Omitting all images, transcribe the entries word for word.

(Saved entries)
[Start of Attachment]
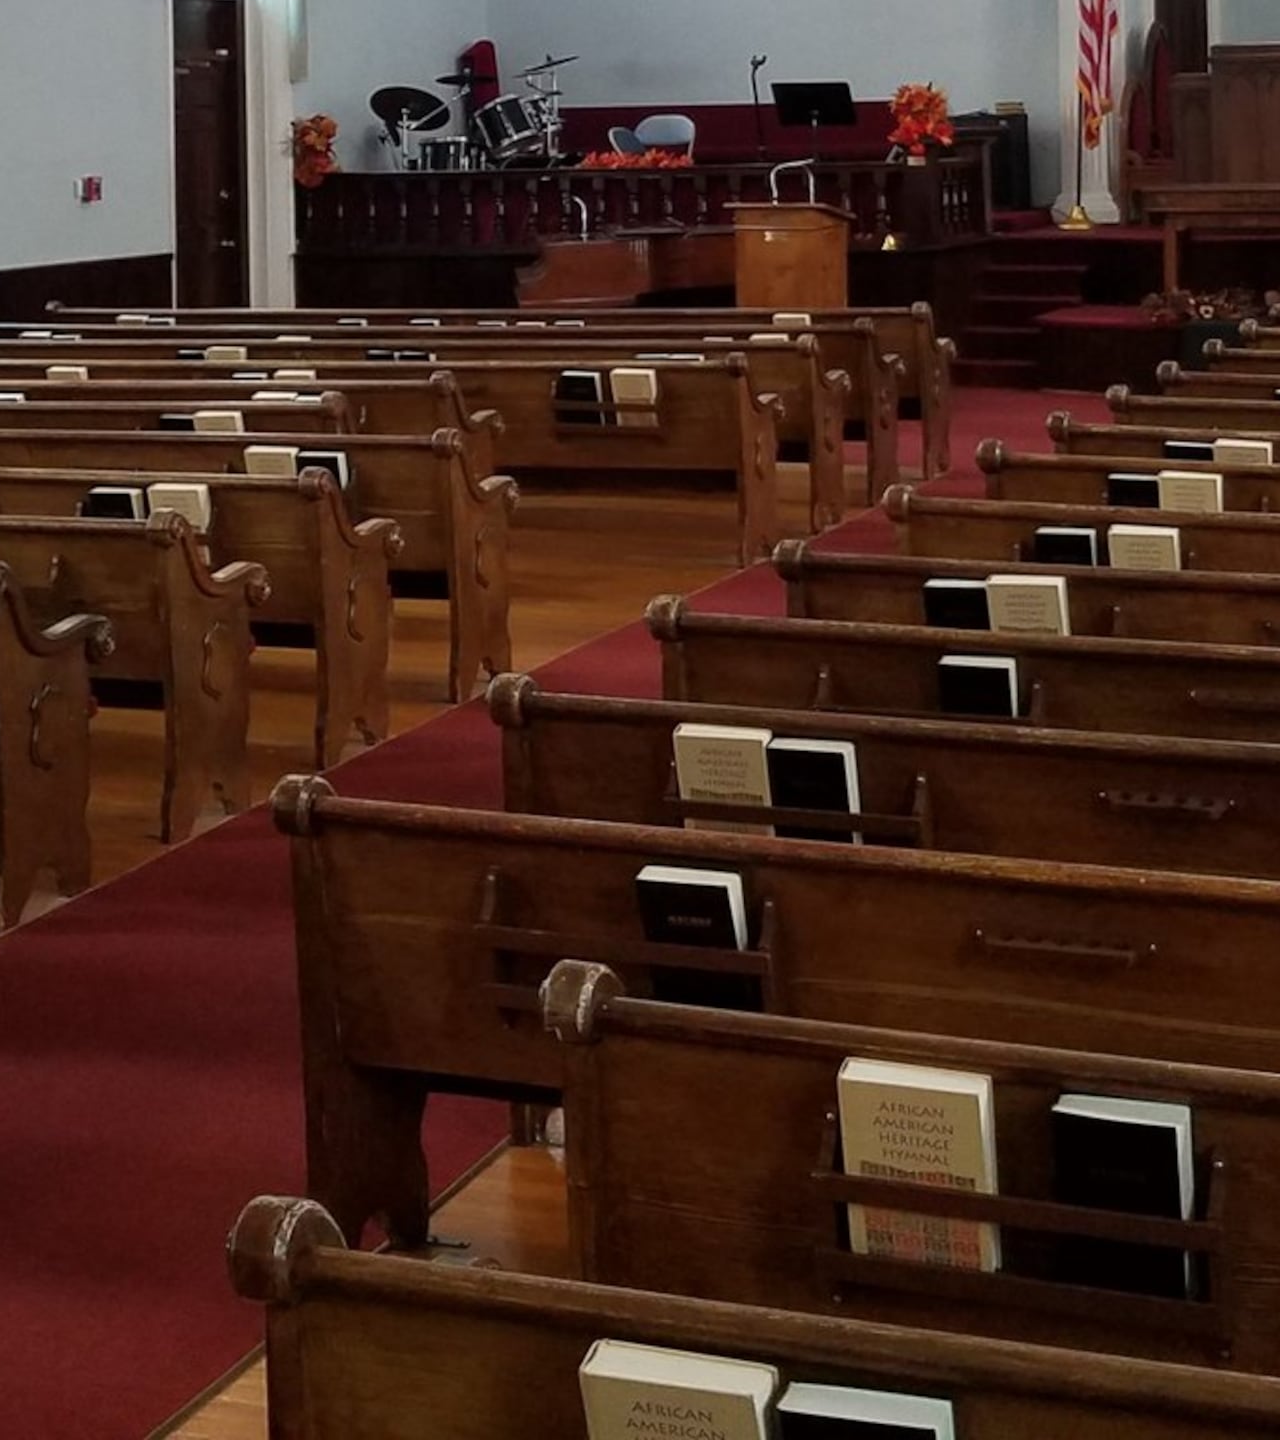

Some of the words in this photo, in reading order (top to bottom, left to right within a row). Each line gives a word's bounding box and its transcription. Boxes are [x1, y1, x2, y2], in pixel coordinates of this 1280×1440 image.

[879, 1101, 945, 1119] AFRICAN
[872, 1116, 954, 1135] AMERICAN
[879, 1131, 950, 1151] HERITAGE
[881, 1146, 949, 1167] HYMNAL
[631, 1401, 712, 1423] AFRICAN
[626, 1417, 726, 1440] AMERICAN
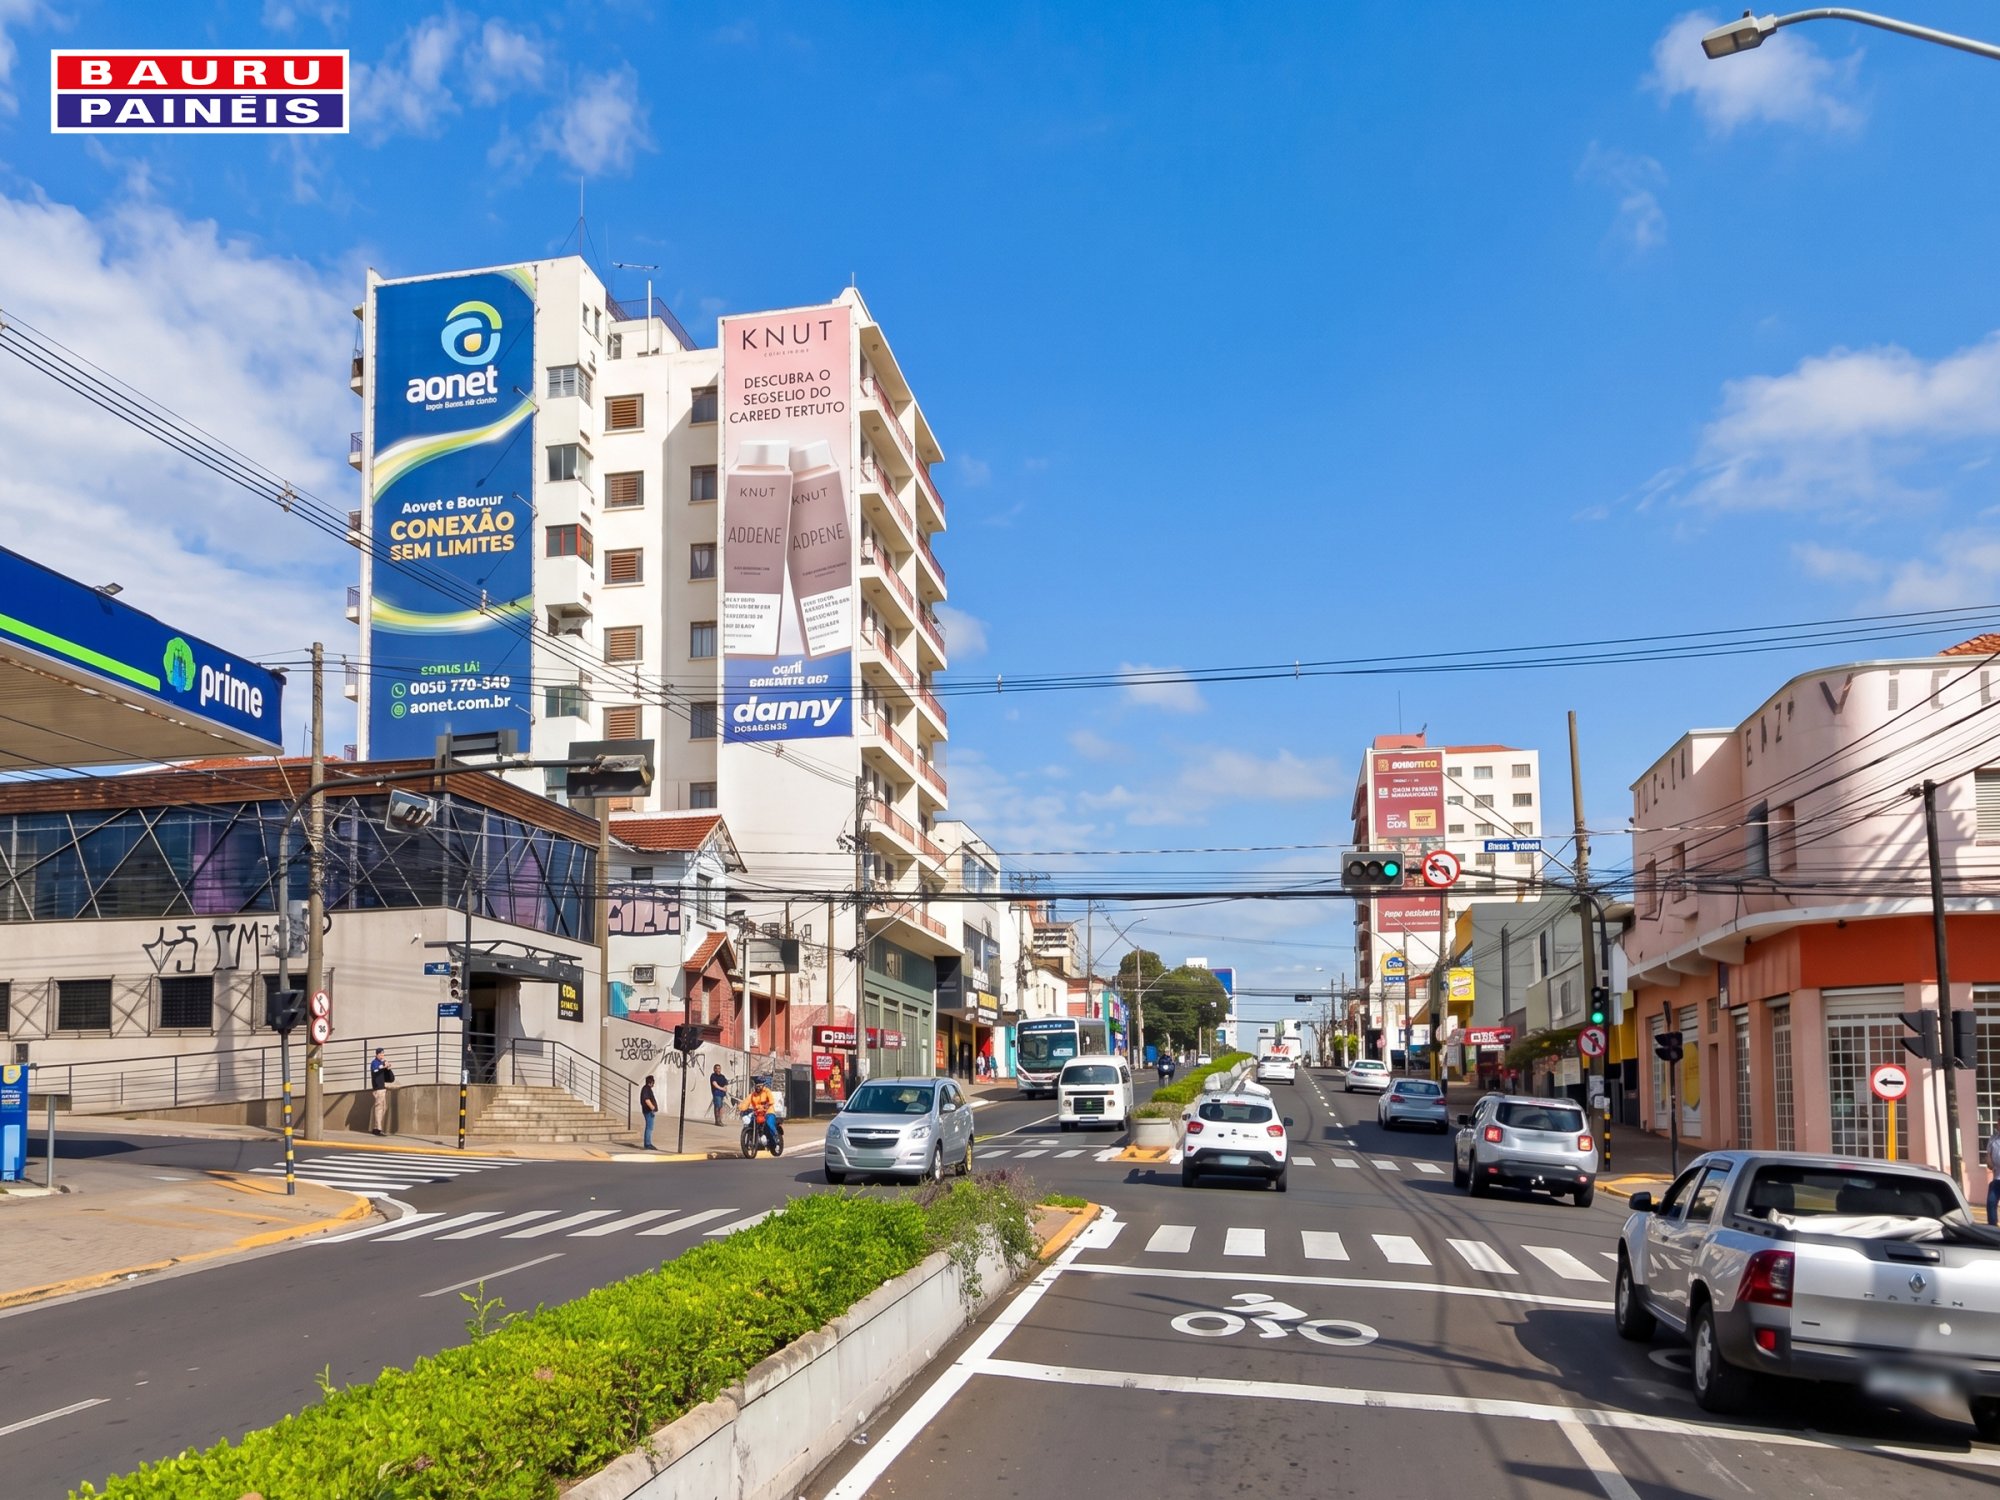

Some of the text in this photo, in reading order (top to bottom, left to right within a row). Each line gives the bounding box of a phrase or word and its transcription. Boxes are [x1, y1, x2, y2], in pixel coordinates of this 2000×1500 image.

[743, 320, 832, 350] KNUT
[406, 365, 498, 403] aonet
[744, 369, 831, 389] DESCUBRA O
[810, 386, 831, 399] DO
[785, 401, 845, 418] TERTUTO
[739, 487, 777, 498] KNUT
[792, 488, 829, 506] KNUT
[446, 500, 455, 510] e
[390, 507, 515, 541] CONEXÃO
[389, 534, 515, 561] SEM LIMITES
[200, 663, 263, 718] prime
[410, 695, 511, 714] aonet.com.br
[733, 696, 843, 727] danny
[End of Attachment]
REPLY TO THE TASK.
Some of the words in this photo, in reading order (top to bottom, left to right within a row). Each line gives a word's bounding box and its transcription. Boxes are [x1, y1, x2, y2], in pixel coordinates of this 1280×1440 image.

[879, 1101, 945, 1119] AFRICAN
[872, 1116, 954, 1135] AMERICAN
[879, 1131, 950, 1151] HERITAGE
[881, 1146, 949, 1167] HYMNAL
[631, 1401, 712, 1423] AFRICAN
[626, 1417, 726, 1440] AMERICAN

Some of the text in this photo, in reading order (top to bottom, left to right within a row). Each line gives the bounding box of a phrase or word and its transcription. Boxes are [x1, y1, x2, y2], in pixel coordinates of this 2000×1500 image.

[743, 320, 832, 350] KNUT
[406, 365, 498, 403] aonet
[744, 369, 831, 389] DESCUBRA O
[810, 386, 831, 399] DO
[785, 401, 845, 418] TERTUTO
[739, 487, 777, 498] KNUT
[792, 488, 829, 506] KNUT
[446, 500, 455, 510] e
[390, 507, 515, 541] CONEXÃO
[389, 534, 515, 561] SEM LIMITES
[200, 663, 263, 718] prime
[410, 695, 511, 714] aonet.com.br
[733, 696, 843, 727] danny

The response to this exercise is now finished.